Stanford Offense: Stretch
I love studying offenses that run the football. I get that the spread offense and RPO packaged plays are all the rage in college and HS football, but a team that can pound the ball from 21 personnel is a beautiful thing to watch. One of my favorite teams to watch is Stanford (both for their style of offense and the fact that they are local).
One scheme I want to analyze here is their Stretch or Outside Zone Scheme. We run a ton of stretch from multiple personnel sets and do so very similarly to what Stanford does.

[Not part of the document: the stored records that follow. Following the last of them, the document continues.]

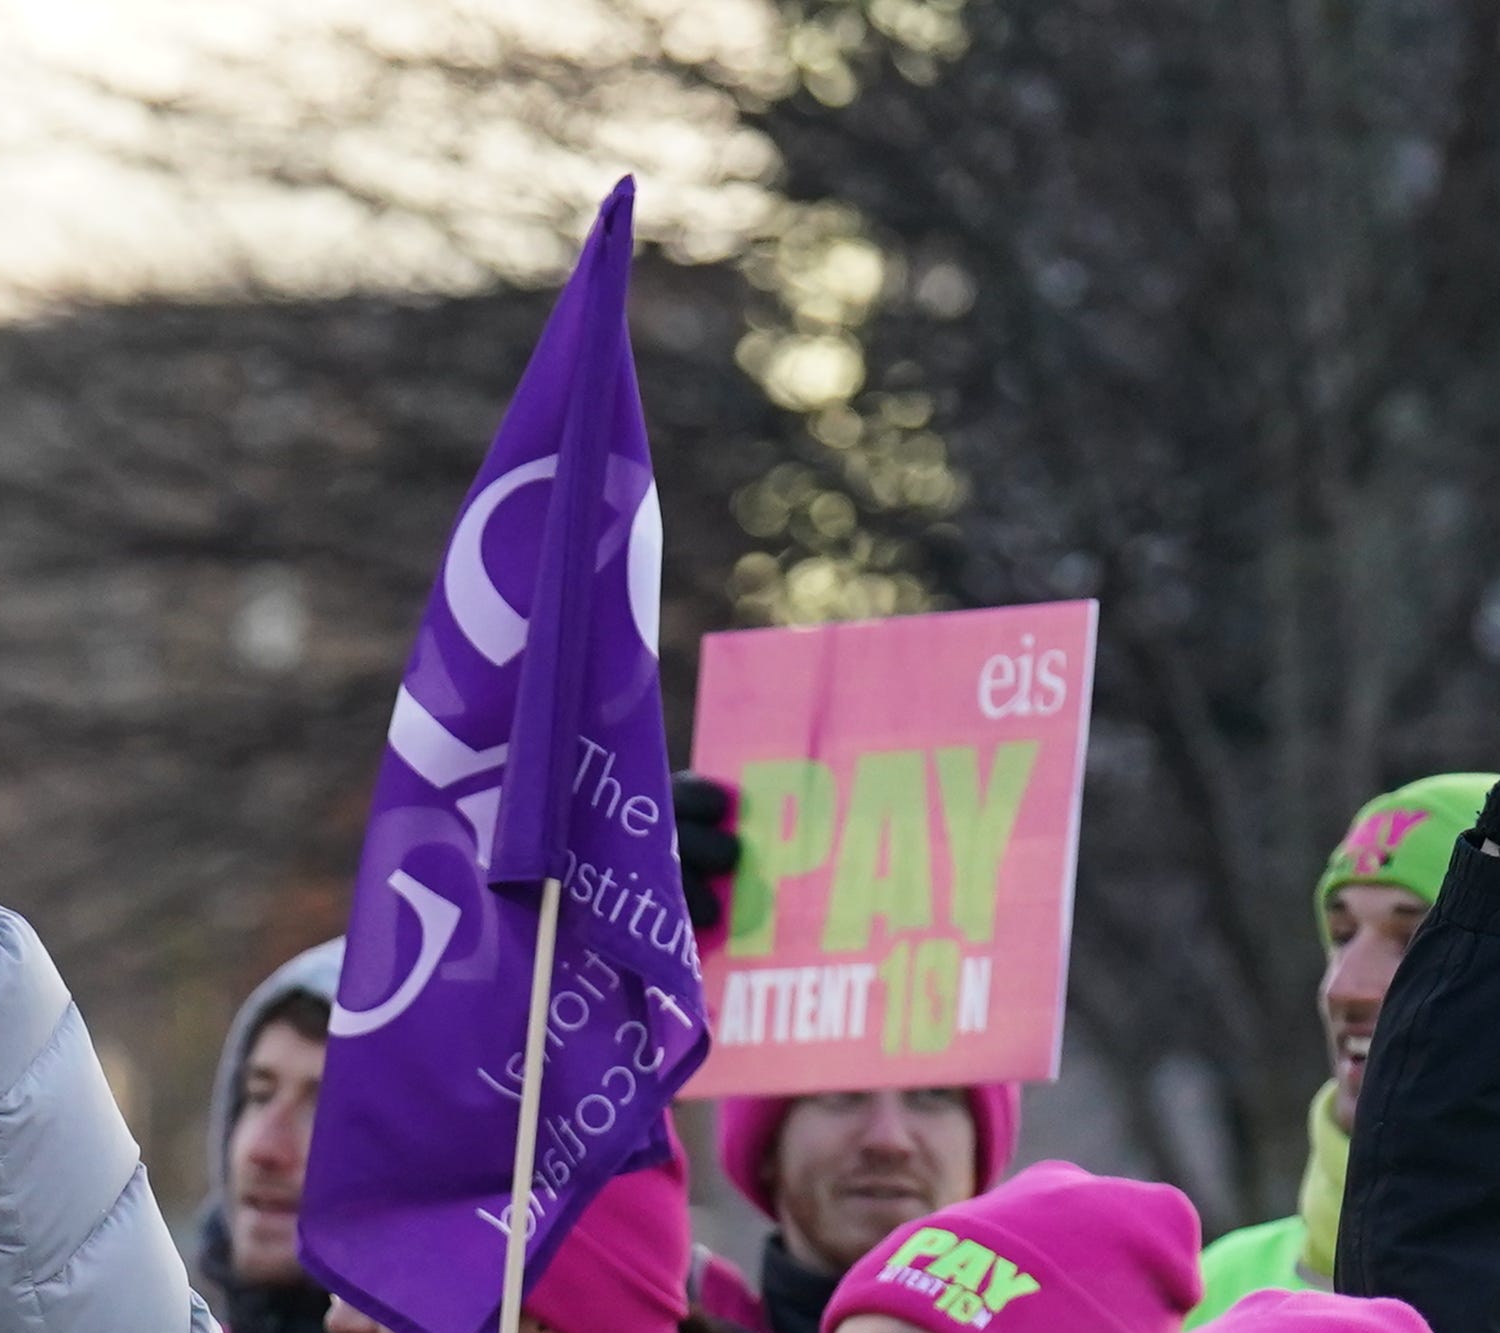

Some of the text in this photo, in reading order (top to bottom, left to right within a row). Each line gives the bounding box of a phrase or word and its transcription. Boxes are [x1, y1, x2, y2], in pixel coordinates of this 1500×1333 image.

[976, 634, 1069, 719] eis
[573, 734, 661, 838] The
[727, 740, 1041, 957] PAY
[886, 1226, 1042, 1314] PAY
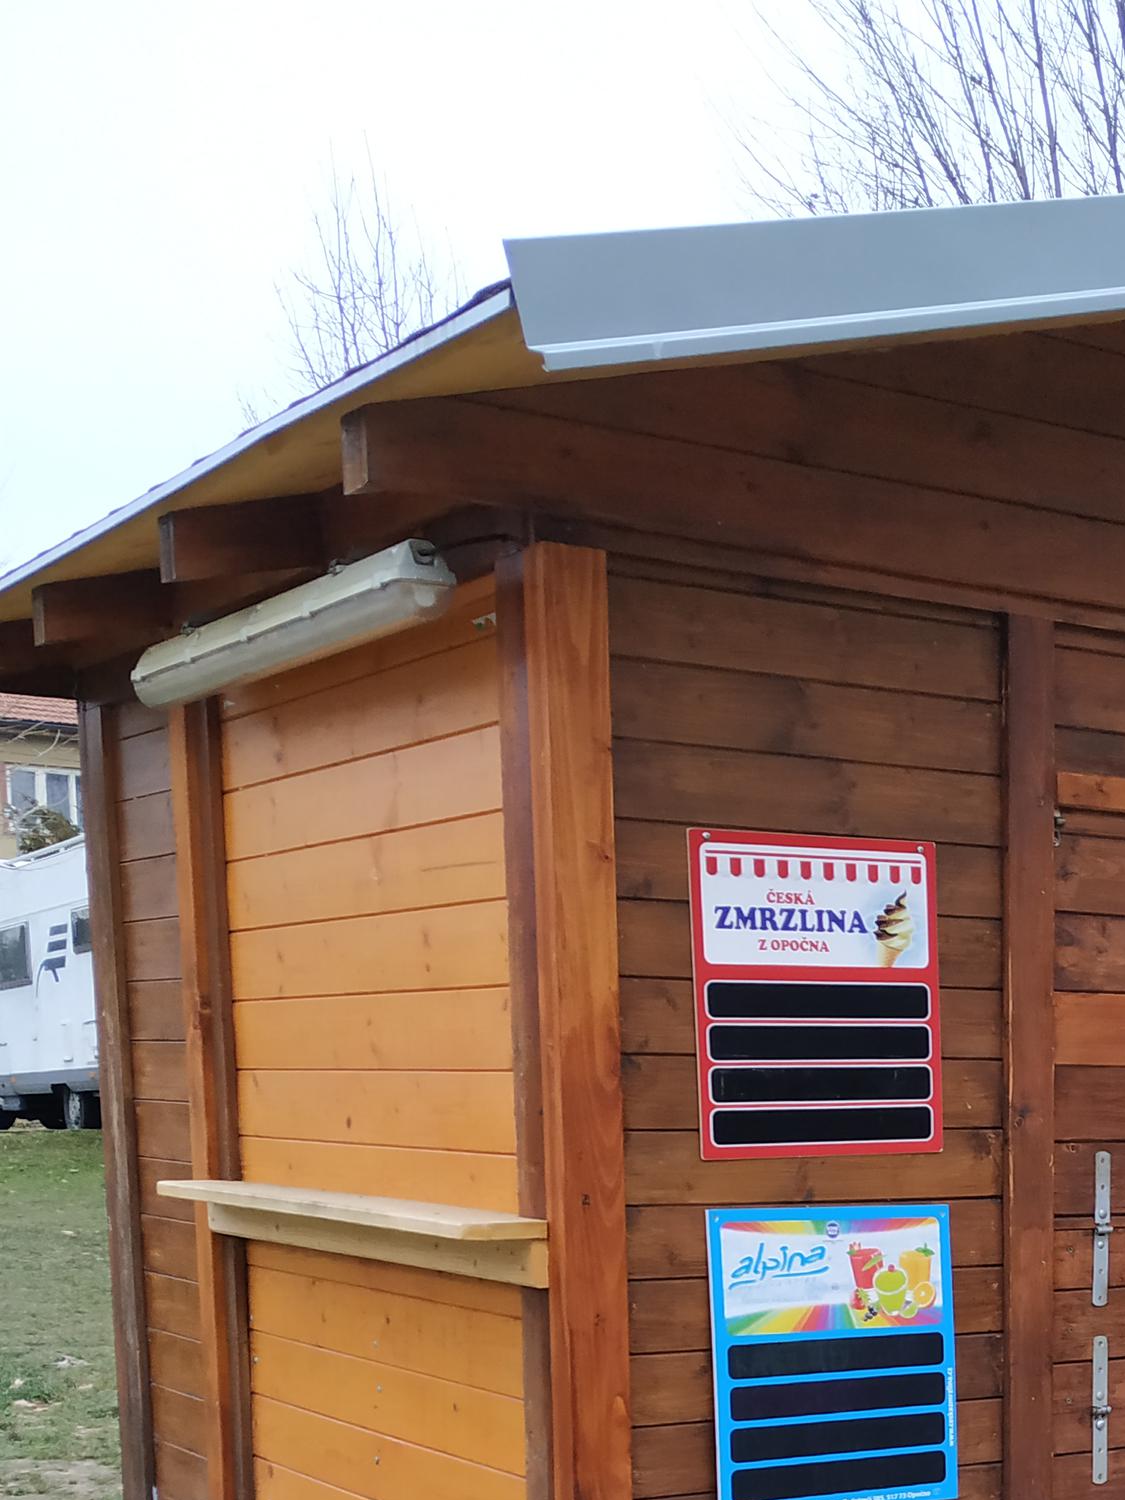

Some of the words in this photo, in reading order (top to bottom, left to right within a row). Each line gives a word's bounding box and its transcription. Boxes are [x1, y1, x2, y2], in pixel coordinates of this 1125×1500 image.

[766, 888, 815, 905] ČESKÁ
[714, 905, 868, 934] ZMRZLINA
[758, 939, 767, 951] Z
[771, 937, 830, 953] OPOČNA
[731, 1242, 826, 1281] alpina
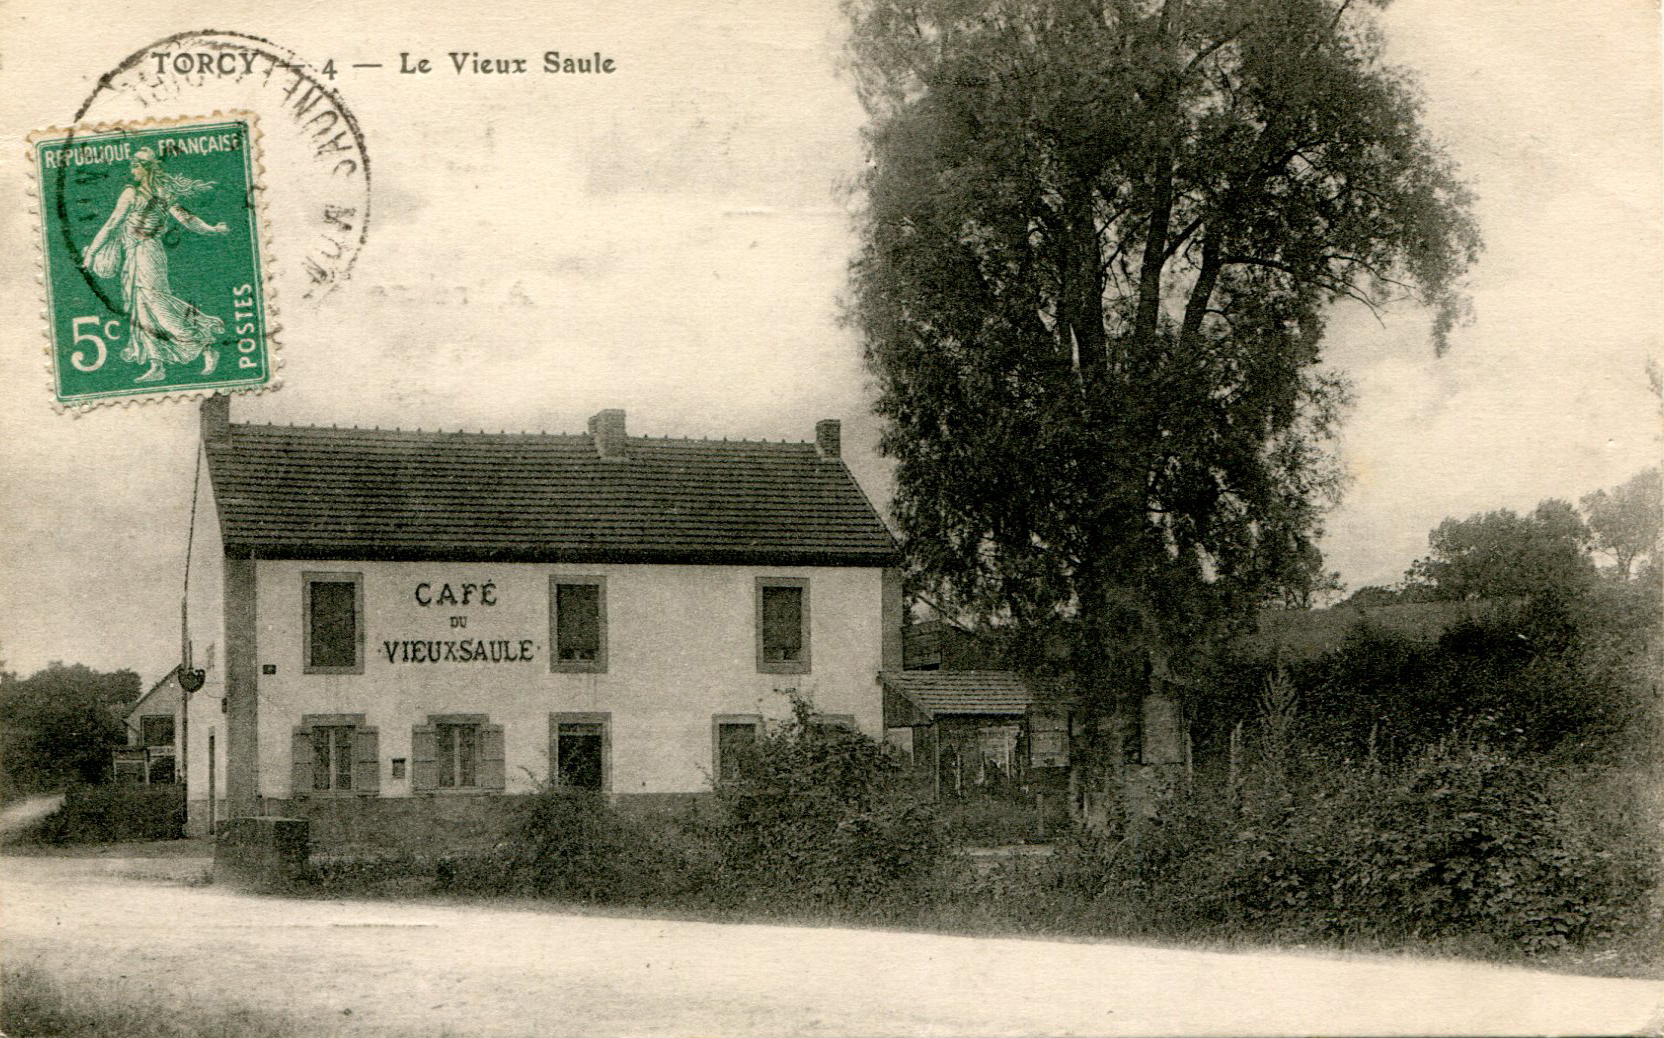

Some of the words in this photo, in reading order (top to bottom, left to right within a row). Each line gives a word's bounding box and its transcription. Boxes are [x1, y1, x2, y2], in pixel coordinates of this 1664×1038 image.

In the 3 examples below I am going to analyze Stanford is aligned in a basic Pro I formation. TE and WR to the left, one WR to the right. FB and RB (Christian McCaffrey or as i have dubbed him “C-Mac”) in the “I”.
Scheme
The OL is going to work wide to the playside looking to reach defenders to their playside gap. If they step playside and have no threat they will work to climb up to LB level. On the playside, the TE always has the option to turn a defender out if they simply cannot reach him.
The FB is reading the block on the edge and is looking to either insert if the DE widens/comes upfield or work around him to the force player if the DE gives up the edge.
The RB is reading it the same as the Fb. He will work a wide path to “stretch” the defense horizontally and look to make 1 vertical cut up the field and get going downhill.
Example 1 vs USC (i love this play near the goal line, the defense comes right to you)
Example 2 vs Iowa (DE widens, TE turns him. Fb inserts)
Example 3 vs Iowa (DE widens, TE turns him. FB inserts. Now defense flows more faster toward the play, opens up a huge Cutback lane after C-Max gets downhill through the LOS) Notice the great job backside OL guys do to stay engaged and work butt toward the sideline, giving C-Mac an alley.
I just love Stretch. it is safe against any defensive look you are going to see and it is a great combination (especially with a FB) of an outside run and a downhill run. It gets the defensive flow of an outside run, but using that FB to insert anywhere he sees the opening along the front, and the RB making one cut and getting downhill give the play a smash mouth feel.